Durante mais de uma década, as redes sociais ensinaram marcas, entidades e o próprio Estado a construir perfis detalhados de cada pessoa, transformando cada like, partilha e minuto de atenção em dados que formavam um retrato cada vez mais completo. A inteligência artificial veio eliminar os limites técnicos que ainda mantinham esse processo dentro de certos parâmetros. O que antes exigia equipas de análise, tempo e cruzamento manual de dados é hoje feito em segundos, de forma automatizada e a uma escala impossível de replicar por processos humanos. Um sistema de IA pode analisar simultaneamente a linguagem que usamos, os padrões de comportamento, os horários em que estamos ativos, as imagens que publicamos e até o tom emocional das nossas mensagens, criando uma reconstrução quase completa de quem somos, do que sentimos e do que provavelmente faremos a seguir.
O problema não está na tecnologia em si, mas em quem a utiliza e em que condições. Grande parte deste tratamento de informação ocorre fora do alcance de qualquer regulação eficaz. Empresas de análise de dados, plataformas de terceiros e intermediários pouco visíveis operam num espaço cinzento. A legislação existente foi pensada para um mundo mais lento e menos automatizado. O RGPD foi um passo importante, mas não foi desenhado para sistemas capazes de inferir traços psicológicos, vulnerabilidades emocionais ou intenções futuras a partir de dados aparentemente inofensivos. Quando entidades desconhecidas conseguem prever comportamentos de consumo, influenciar decisões políticas ou manipular perceções em larga escala, o próprio funcionamento dos mercados e da democracia fica comprometido.
Há ainda um fator agravante, que é a opacidade. Ao contrário de uma base de dados tradicional, um modelo de IA não é facilmente auditável. Não se sabe exatamente que inferências são feitas, com que grau de confiança, nem que decisões são tomadas com base nelas. Isto significa que uma pessoa pode ser afetada por uma decisão automatizada, seja no acesso a crédito, a um emprego ou a um seguro, sem nunca saber que critérios foram usados nem ter forma de os contestar. Portugal e a União Europeia têm dado passos relevantes com o AI Act, mas a regulação chega sempre depois da inovação e empresas fora da jurisdição europeia podem continuar a recolher e processar informação sem supervisão real.

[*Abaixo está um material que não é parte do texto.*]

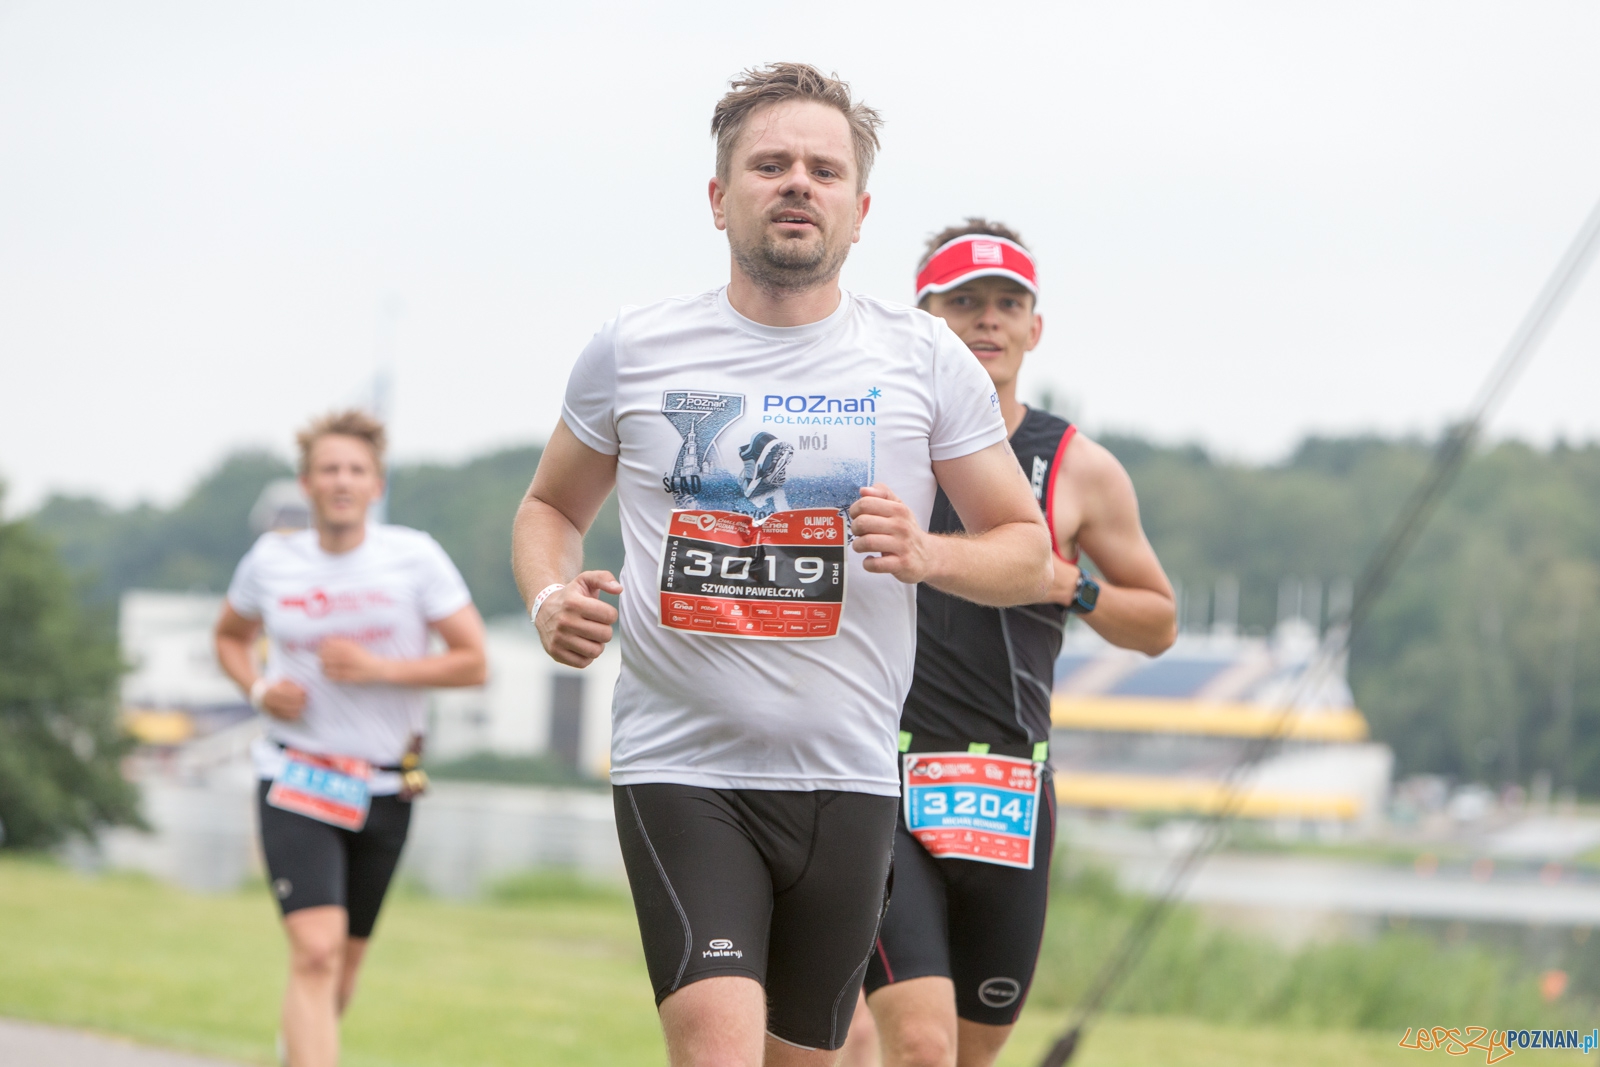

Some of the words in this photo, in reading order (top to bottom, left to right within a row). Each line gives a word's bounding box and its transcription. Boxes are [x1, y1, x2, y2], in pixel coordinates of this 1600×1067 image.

[762, 414, 876, 426] PÓŁMARATON
[799, 432, 828, 451] MÓJ
[662, 472, 702, 494] ŚLAD
[804, 516, 835, 526] OLIMPIC
[667, 540, 679, 588] 23.07.2016
[683, 549, 825, 584] 3019
[701, 583, 745, 596] SZYMON
[745, 586, 805, 598] PAWELCZYK
[923, 791, 1023, 822] 3204

A resposta não pode ser apenas legislativa, tem de ser também cultural e empresarial. Para as empresas portuguesas, isto deve ser lido como um sinal de alerta e, simultaneamente, como uma oportunidade. Quem construir modelos de negócio assentes na transparência, no consentimento genuíno e na utilização responsável de dados vai diferenciar-se num mercado onde a confiança será cada vez mais escassa e, por isso, cada vez mais valiosa. A ética no uso de dados deixará de ser um custo de compliance para se tornar uma vantagem competitiva real. A inteligência artificial é o acelerador de um problema que já existia e cabe às empresas, aos reguladores e aos cidadãos decidir se querem continuar a alimentar sistemas que nos conhecem cada vez melhor, sem que saibamos quem os controla, ou se é tempo de exigir regras claras antes que a assimetria de informação se torne irreversível.